As Paul Newman, John Russell, in Hombre, the 1967 classic Western, said to Cicero Grimes, played by Richard Boone, "We all die, it's just a matter of when."
Depending on how you look at it, the lucky live long enough to witness every last vestige of their youth and vitality being slowly, surreptitiously stolen from them. It's a stealth that robs one cell at a time until entire systems fail; a knee, a hip . . . the natural bone that began in the womb gets replaced with titanium and the metal screws that hold things in place . . . for a while. It's the prelude to the demise of the organism; you and me, everyone. As John Russell said, " . . . it's just a matter of when."
The neurosurgeon, one of the most highly respected - if not the most highly respected - in the region, knocked on the exam room door, then entered. His well-trimmed beard, flecked with gray, told more about his pressurized schedule than his more youthful chronological age. Although the mirthful sparkle in his eyes didn't convey it, he looked tired; not exhausted, just tired.
This consultation was, he hoped, to be his last patient of the day; the last patient of what was a typically well-stuffed week. But then, you never can tell: auto accidents, gunshot wounds, beatings, falls in a bathtub . . . Any or all of them might set his cell phone humming, summoning him in for an emergency surgery. He genuinely seemed grateful to engage a few moments of just plain repartee. His in-box of reports to write, and films and histories to review, all in preparation of the next week's schedule, were waiting for him. They were always there.

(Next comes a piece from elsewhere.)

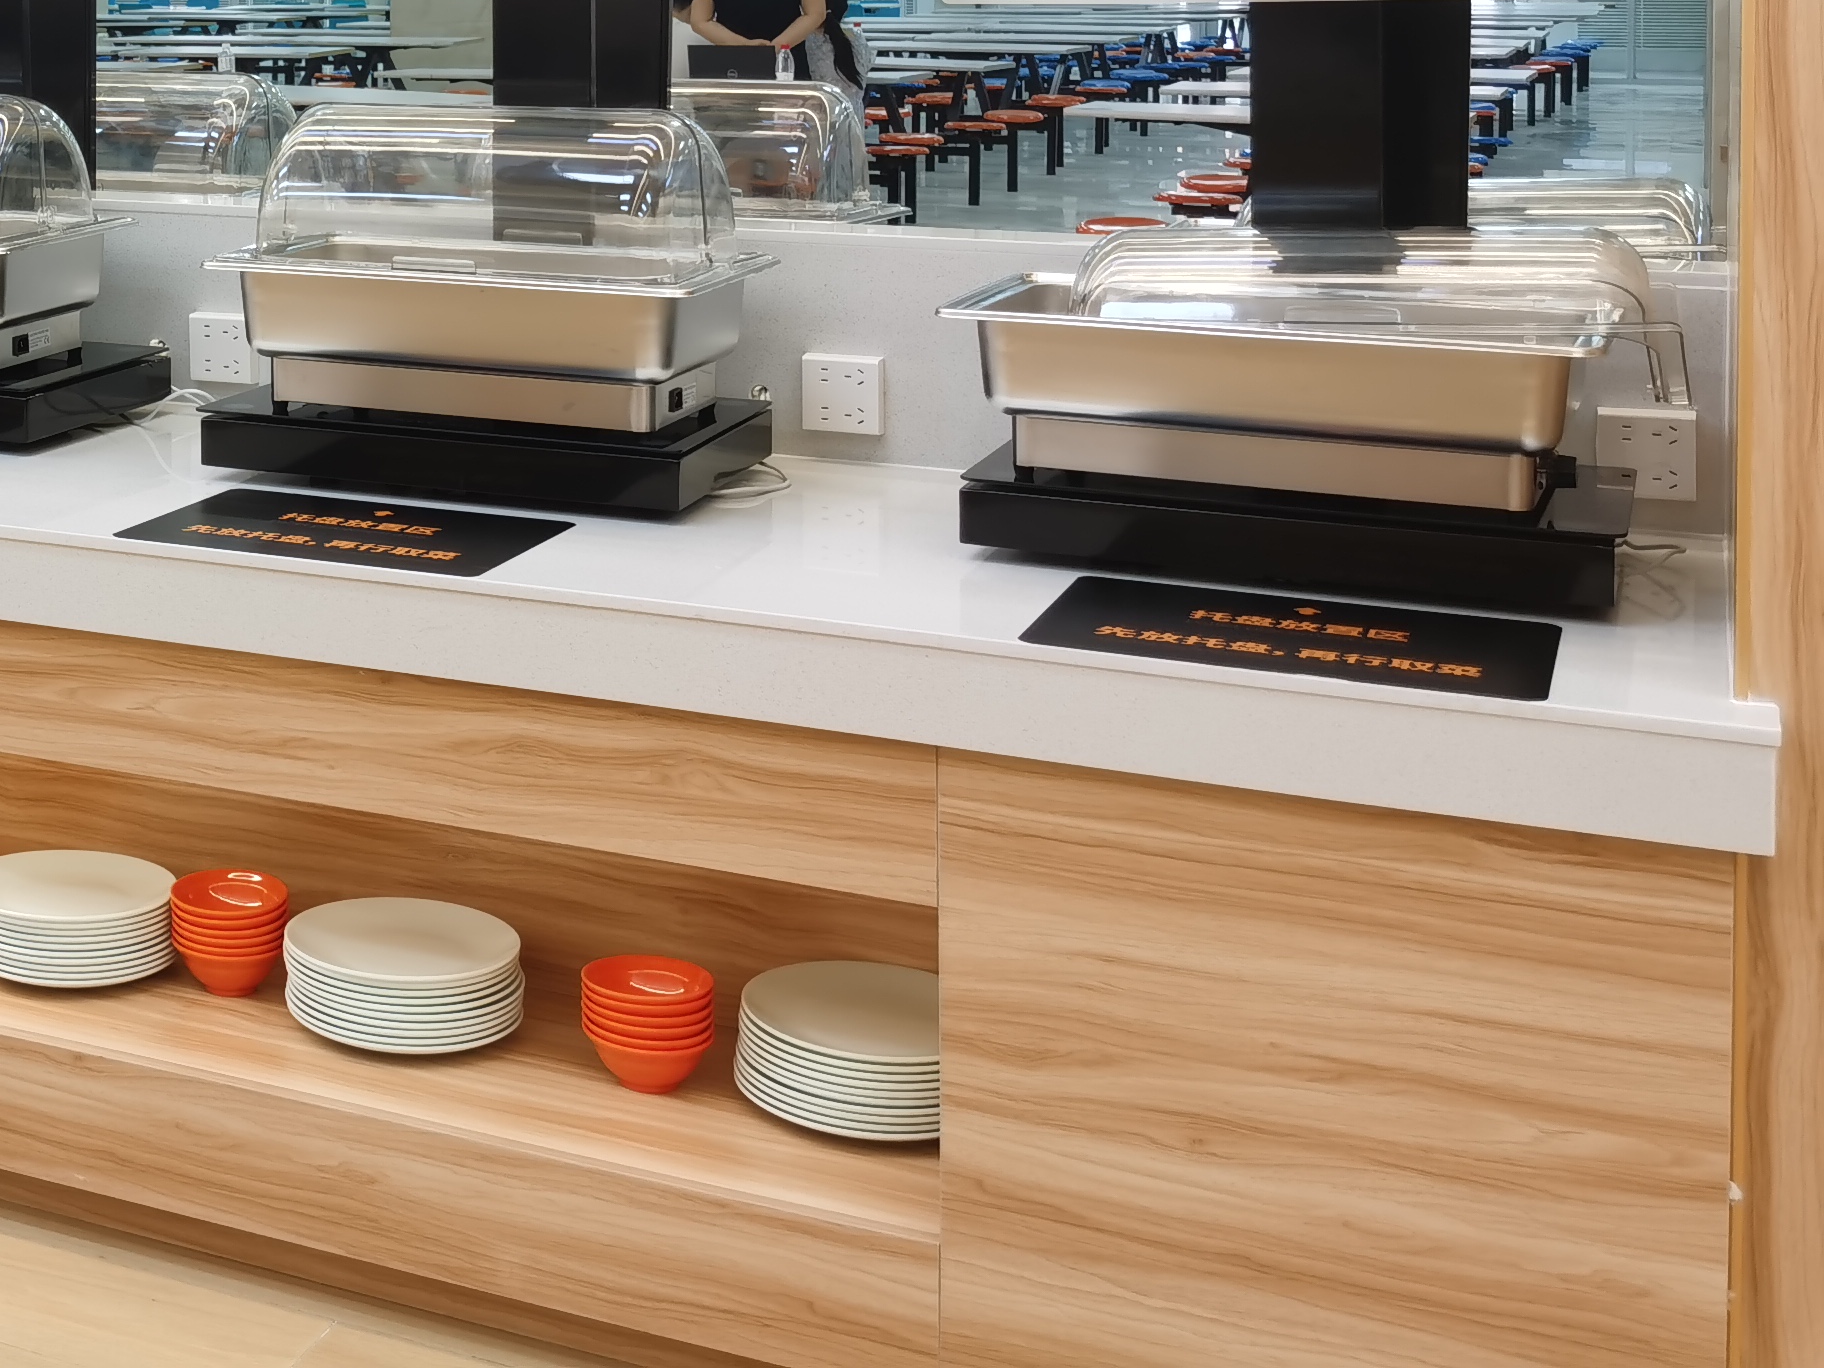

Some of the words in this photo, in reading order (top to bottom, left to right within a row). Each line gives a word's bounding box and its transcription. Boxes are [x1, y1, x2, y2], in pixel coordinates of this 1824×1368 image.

[279, 512, 442, 536] 托盘放置区
[1189, 609, 1411, 643] 托盘放置区

He had three; two teenagers in high school, and a seven-year-old. In response to a follow-up question, he was fairly certain none would retrace his path into medicine. What they chose, as a career, was entirely up to each of them, of course. But, without a discouraging word ever having been uttered by him, he hoped none would go into medicine.
I had heard that sentiment from other doctors, but, while anticipating an echo, I wanted his reasoning, to add to the portfolio.

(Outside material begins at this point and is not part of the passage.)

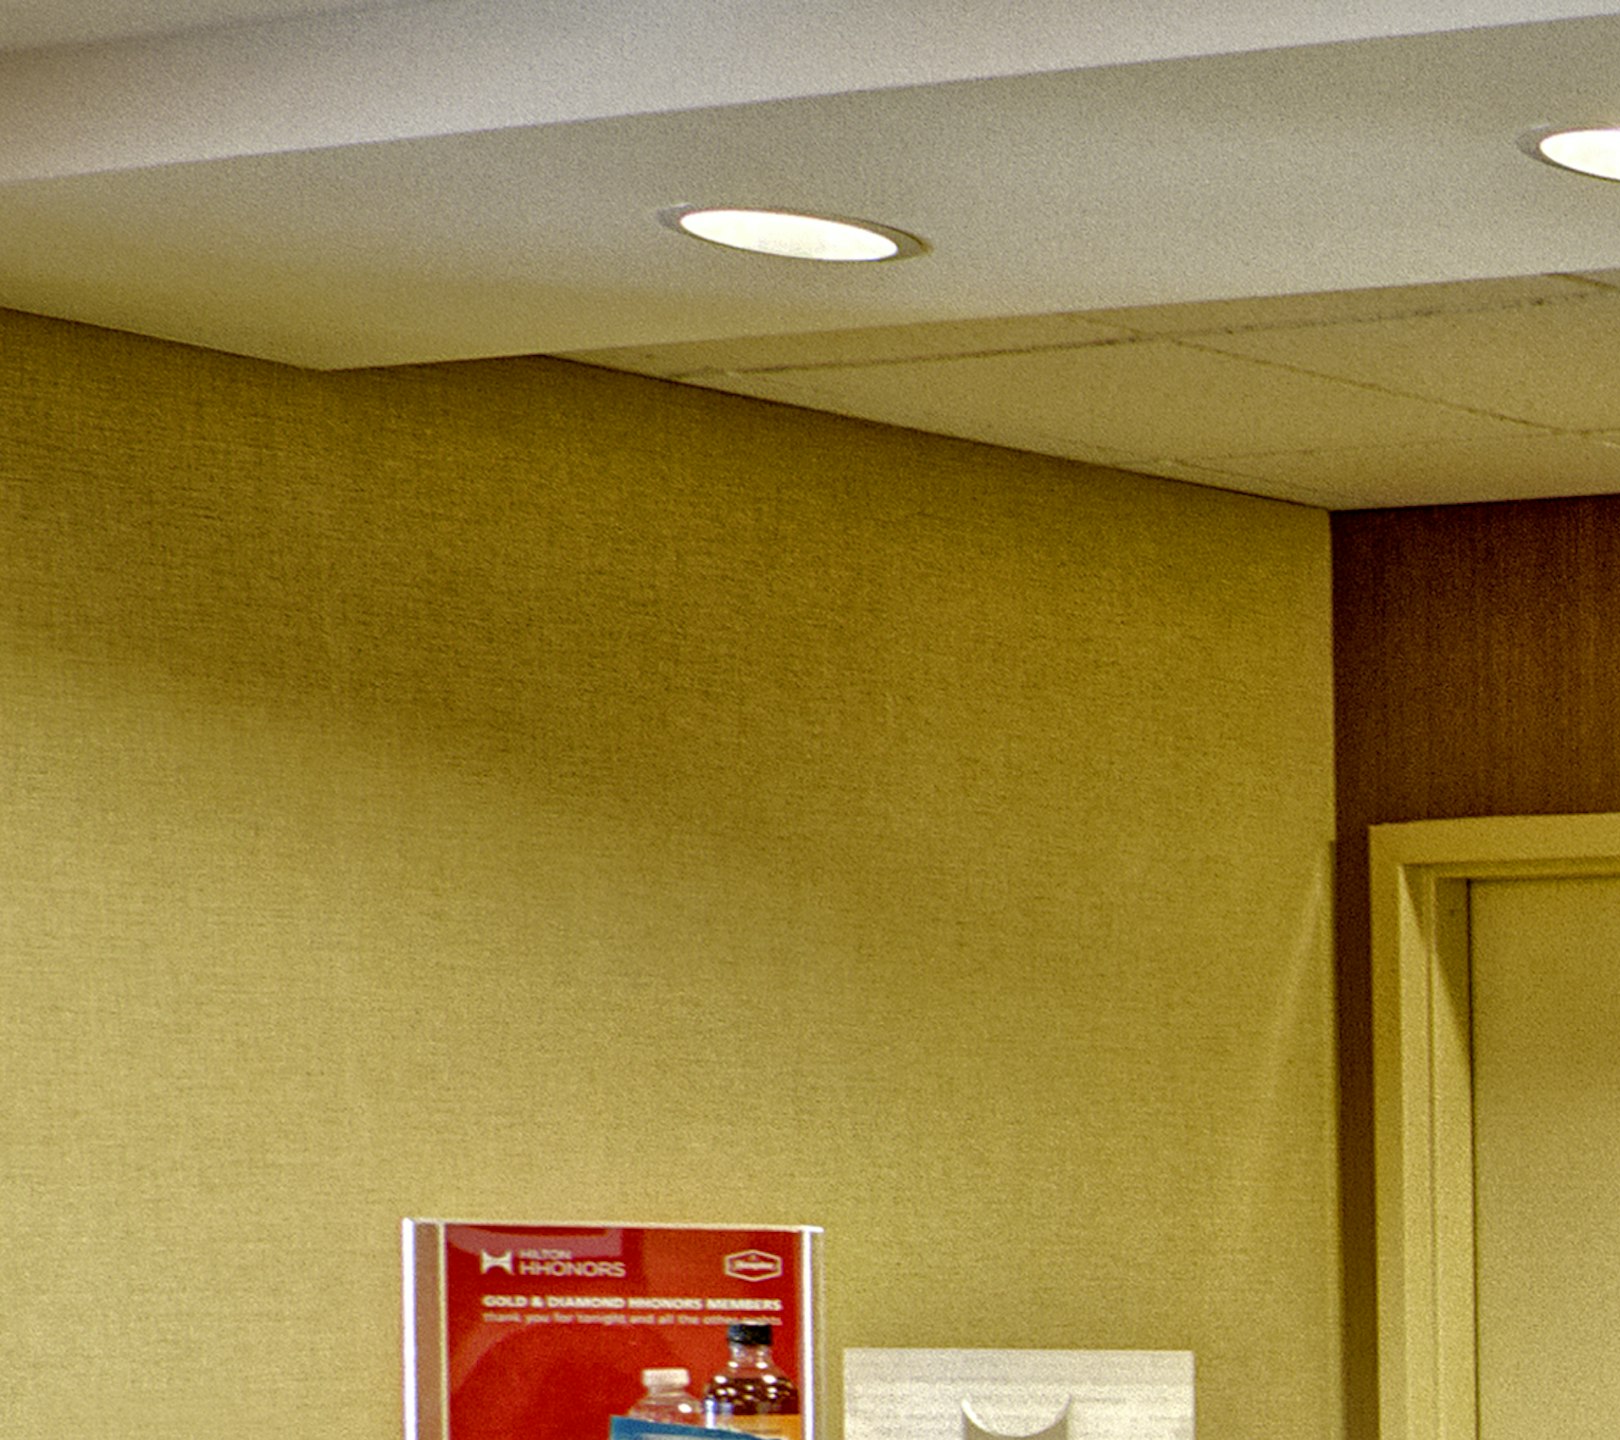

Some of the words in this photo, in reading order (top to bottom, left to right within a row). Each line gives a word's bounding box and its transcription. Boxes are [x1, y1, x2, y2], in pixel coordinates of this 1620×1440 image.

In the stead, I was schooled on two other of the professions disincentives. The first one iterated all that composes the "normal" adult life that was necessary to forsake. Seventeen years had elapsed between his high school graduation and the day when he could actually practice his specialty. Without complaining about the disappointments they suffered, the kids understood he couldn't promise to attend every recital or sporting event in which they participated, that indeed, he'd miss almost all of them. Not every cranial or spinal surgery goes by the book; in fact few turn out to be easy text book. It's a jangled mess in there, once you open it up. He might be at dinner, in a movie, or sound asleep when the phone would ring--the "stat" call that would truncate every other intention he might have had and send him suddenly back in to the hospital.
Then, all of a sudden, they weren't kids any longer, and where the hell did those precious, unrepeatable years disappear to? Kids grow up living that, and they most often decide that that sort of life just is not for them.
But it was his second reason that, as someone who is rapidly approaching Medicare age, was a dump truck unloading its tons of bricks on me. "I can't name a single doctor in the region who wants to take Medicare patients. Most who do are trimming back, no longer taking new Medicare patients, and are trying to get their practice out from under the program. This is going to a crisis situation for the baby-boomers."
As to the question why, he said it all came down to money. It takes a lot of it just to fund his specialization's malpractice premiums, let alone the other expenses needed to run an office. Medicare has a fixed sum it will pay for every specific procedure; a sum that is, given the intense slog the practitioner had to persevere, for the expertise required to practice, low - very low. And the component that is within Health and Human Services (HHS) is excruciatingly slow with its payments to doctors. A six-month wait is not unusual. Rather, it's more the norm.
I didn't press him for his position on the ideas circulating through Congress. Where he stood seemed sufficiently discernable that anything he might say would only have been redundant. That the present private insurance company dominated system posted similarly low remuneration rates for their contracted providers, for their computerized list of procedures, wouldn't have advanced the comity of our discussion.
Tinkering around the healthcare delivery system edges will work as well as taking your car to the carwash when the pistons, rings, and intake and exhaust valves have seized up, and the battery is shot. But taking the decades-old system our economy has been burdened by to the drive-through auto wash is exactly what the GOP, a handful of conservative Democrats, and the entire health insurance industry have in mind. Hold a ceremony on the East Lawn or in the Rose Garden, snap thousands of pics of Obama smiling broadly and handing out pens, and everyone can go home and tell their constituents how the problem has been licked and that now it's on to the next one!
We'll still have millions of Americans uninsured; counting them, perhaps a hundred million under-insured, and an intact insurance industry that wastes 30% of every premium dollar in admin costs and rakes in another 20% in profit . . . none of which would buy the subscriber a cent in actual medical care! But hey! The insurance industry CEOs, their execs, and the stockholders would be happy. To them, that's what counts. That's all that counts.